Osun state got only N6.23 million in Federal Allocation – after all the gbese contracted by the state governor had been deducted from source.
Allah be praised.
The aides of one backward neighbouring state, whose governor is owing five months salaries, are guffawing and having a hearty laugh at the expense of the Governor of Osun.
This is no surprise for in Nigeria, ringworm is always summoning people to come and help it laugh at the condition of eczema.
The tragedy is not that Ogbeni has literally borrowed his state to extinction. After all, he is not alone. We are the ones who created a political structure that can only lead to laziness, mental paralysis, and collapse of reasoning on the part of the state governors.
Of thirty-six state governors, you’d be hard put to find six with imagination beyond loans and borrowing. The rest are lazy things always summoning bank managers looking for the next loan and their cut out of the said loans.

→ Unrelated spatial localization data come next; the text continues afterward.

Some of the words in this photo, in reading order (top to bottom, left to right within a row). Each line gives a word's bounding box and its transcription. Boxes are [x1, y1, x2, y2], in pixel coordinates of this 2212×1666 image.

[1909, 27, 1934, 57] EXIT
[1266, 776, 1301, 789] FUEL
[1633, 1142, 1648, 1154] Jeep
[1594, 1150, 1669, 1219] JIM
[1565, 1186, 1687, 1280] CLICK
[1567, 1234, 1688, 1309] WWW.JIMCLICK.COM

When they are not hunting for domestic loans, they are sourcing external loans.
No critical intelligence beyond the architecture of loans and borrowing goes into the administration of any state in Nigeria.
So, until we are ready to do something about this ready-made atmosphere of laziness and indolence into which every state governor is elected and which they are only too happy to perpetuate, there is no point singling out any of the Governors.

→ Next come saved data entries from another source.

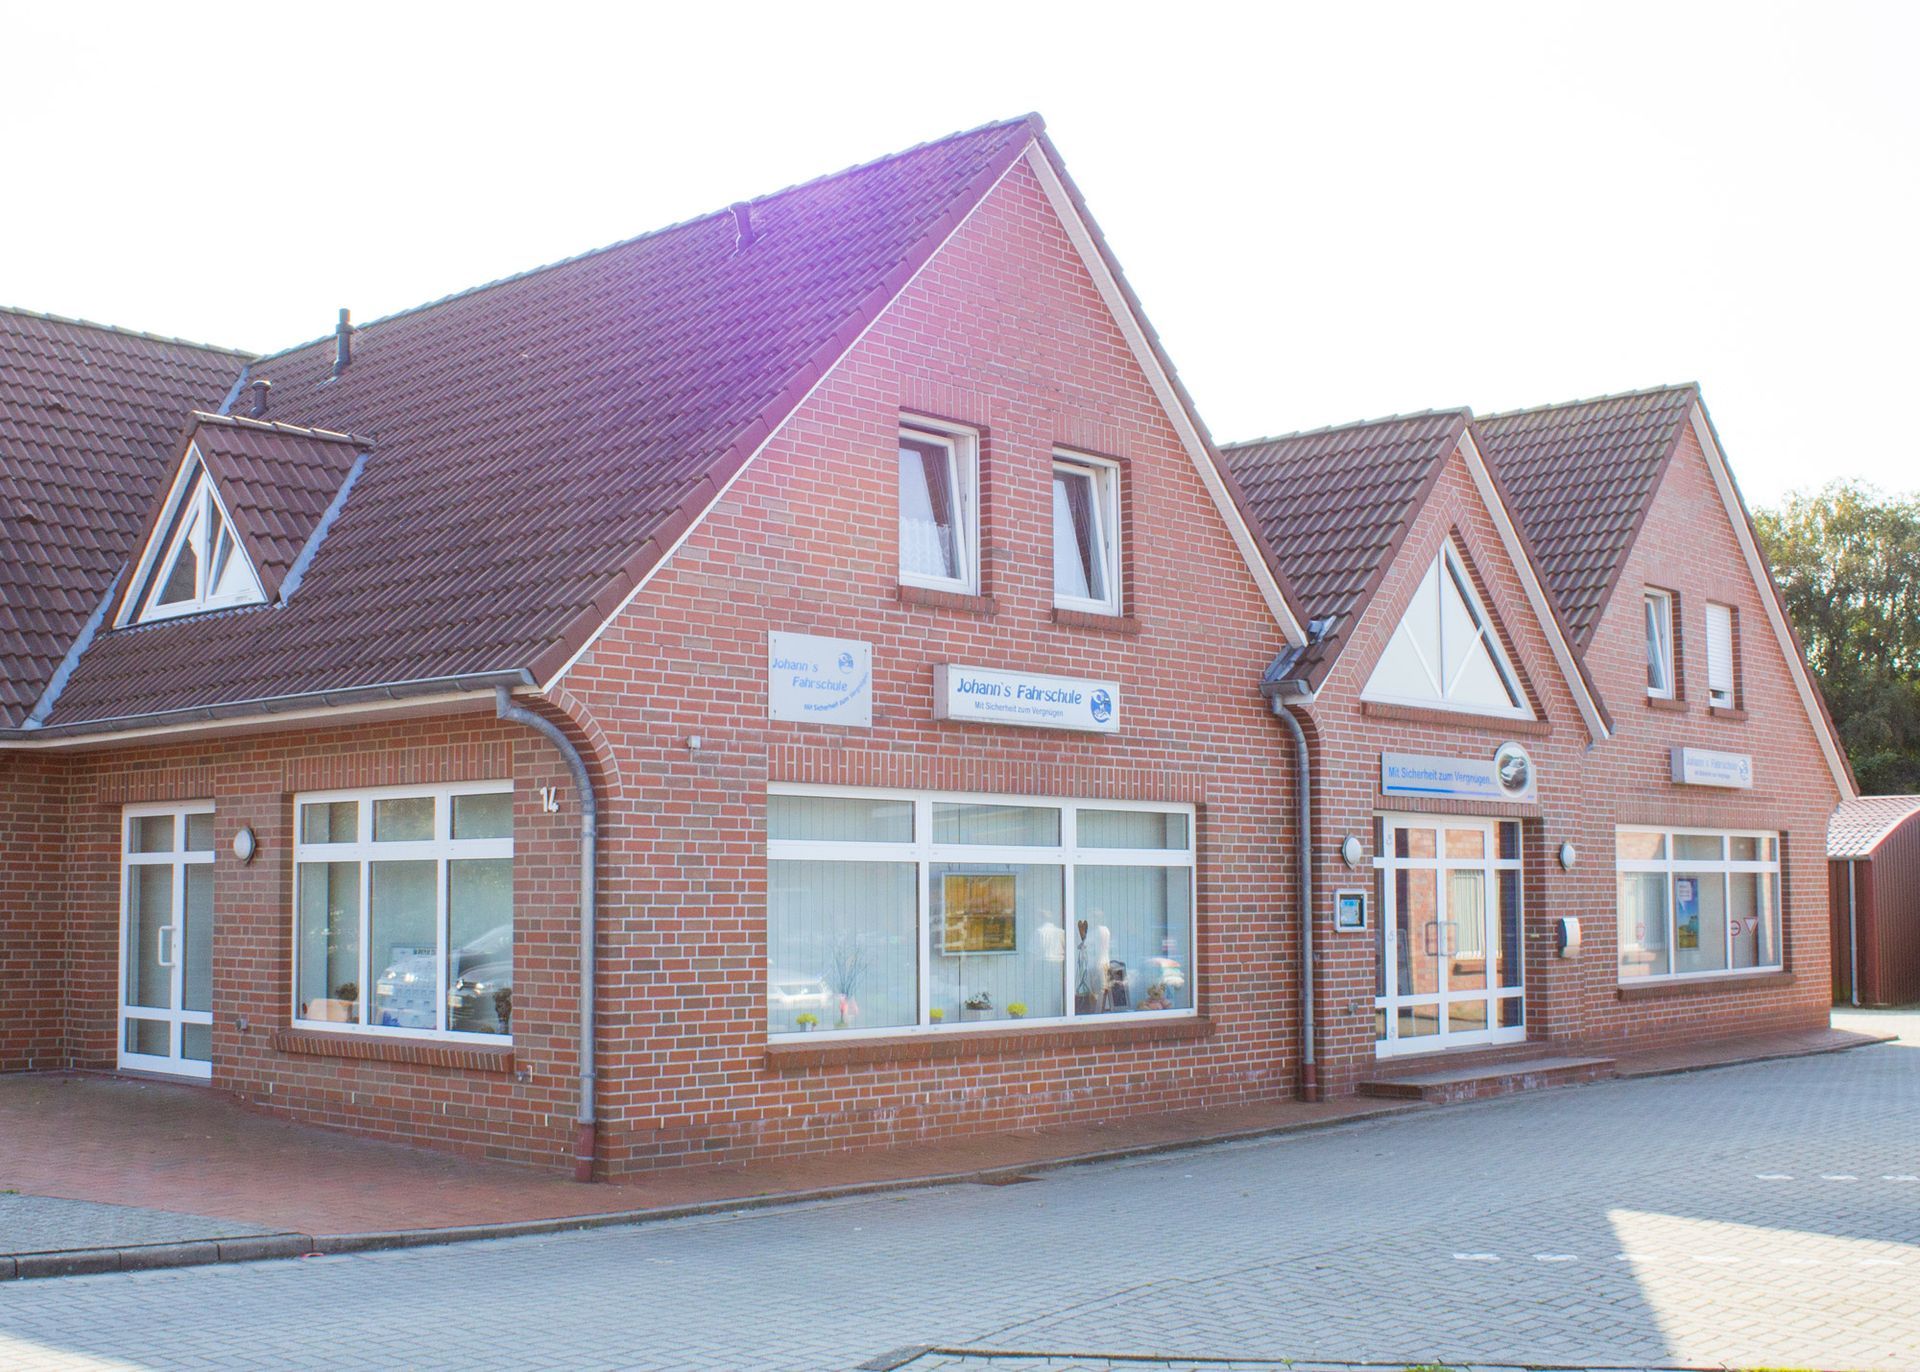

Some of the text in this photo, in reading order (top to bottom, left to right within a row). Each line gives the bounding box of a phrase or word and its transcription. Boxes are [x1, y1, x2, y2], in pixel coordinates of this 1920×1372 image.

[792, 676, 848, 692] Fahrschule
[1017, 684, 1082, 705] Fahrschule
[975, 701, 985, 710] Mit
[985, 702, 1017, 712] Sicherheit
[1018, 706, 1031, 714] zum
[1388, 766, 1400, 778] Mit
[1401, 767, 1437, 781] Sicherheit
[1439, 771, 1454, 782] zum
[540, 786, 559, 813] 14
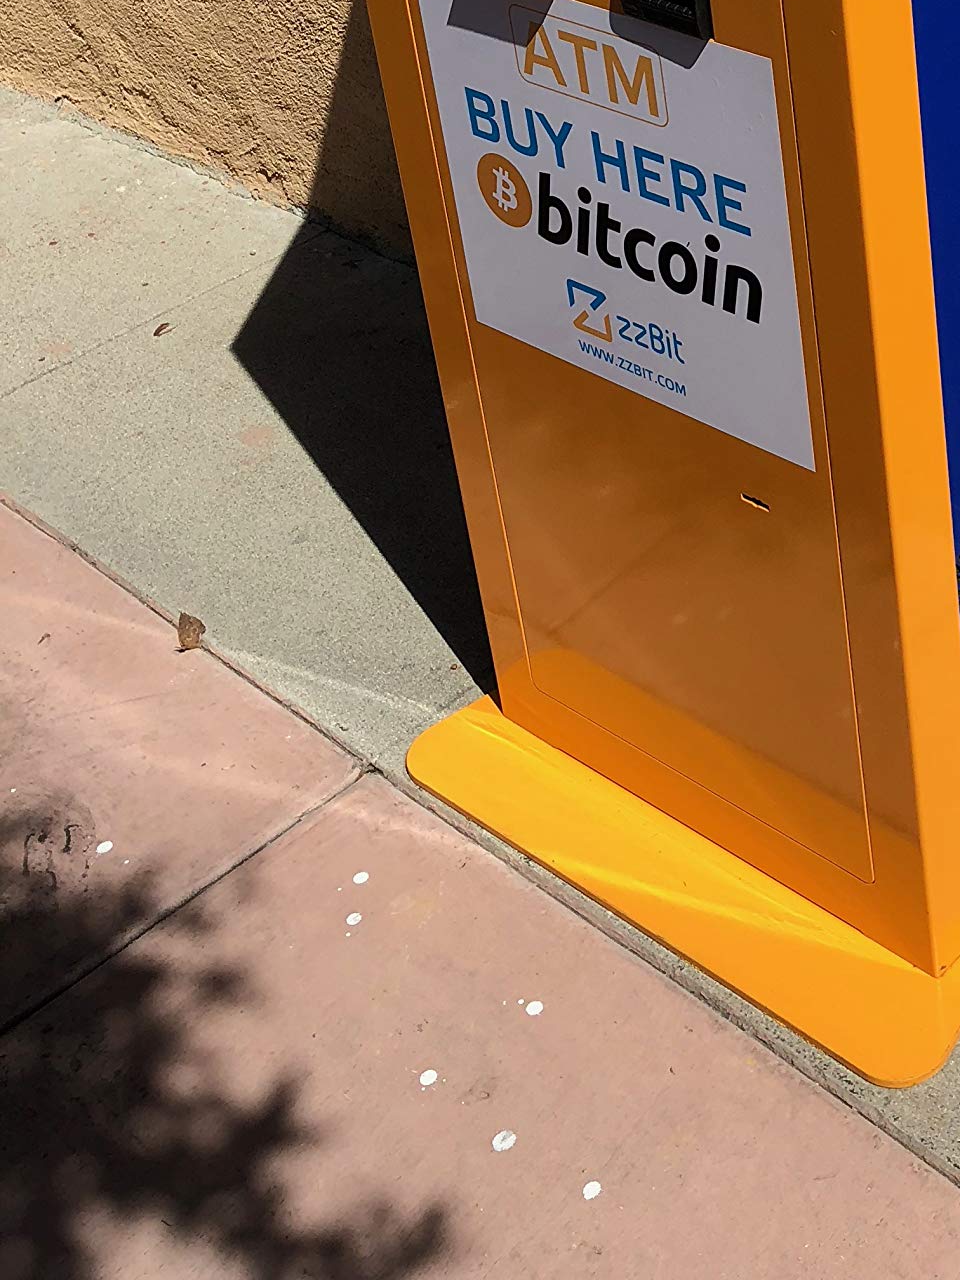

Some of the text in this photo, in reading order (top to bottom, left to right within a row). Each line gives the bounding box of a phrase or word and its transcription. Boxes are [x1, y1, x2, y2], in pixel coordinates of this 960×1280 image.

[522, 19, 660, 119] ATM
[464, 86, 753, 237] BUY HERE
[537, 171, 764, 325] bitcoin
[578, 338, 688, 398] WWW.ZZBIT.COM
[617, 314, 687, 366] zzBit

I mean, Oshiomhole and Mimiko are so irresponsible that they are contracting gargantuan loans on their way out!
Let us work on this structure. Fiscal and responsible Federalism is a beginning but must work in tandem with other elements of social revolution that I have been espousing here this week.

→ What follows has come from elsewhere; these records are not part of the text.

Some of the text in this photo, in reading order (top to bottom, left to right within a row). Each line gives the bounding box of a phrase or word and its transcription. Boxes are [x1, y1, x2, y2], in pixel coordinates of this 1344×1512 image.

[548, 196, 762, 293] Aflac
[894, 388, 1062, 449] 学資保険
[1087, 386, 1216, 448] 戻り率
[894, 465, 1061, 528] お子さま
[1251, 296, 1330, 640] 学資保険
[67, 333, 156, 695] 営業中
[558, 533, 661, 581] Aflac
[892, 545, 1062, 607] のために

So, the only thing I blame the governor of Osun state for is this:
Of the N6 million he got, Ogbeni is still going to spend a significant chunk buying fuel for his helicopter.
God forbid that he sells that helicopter in line with the wretched realities of his state.
After all, the one who should set a symbolic national example of financial prudence along these lines is having to make the significant national decision of whether to fly to Washington in the same plane he used recently to Equatorial Guinea or to summon one of his remaining 11 planes into service for the trip to Washington.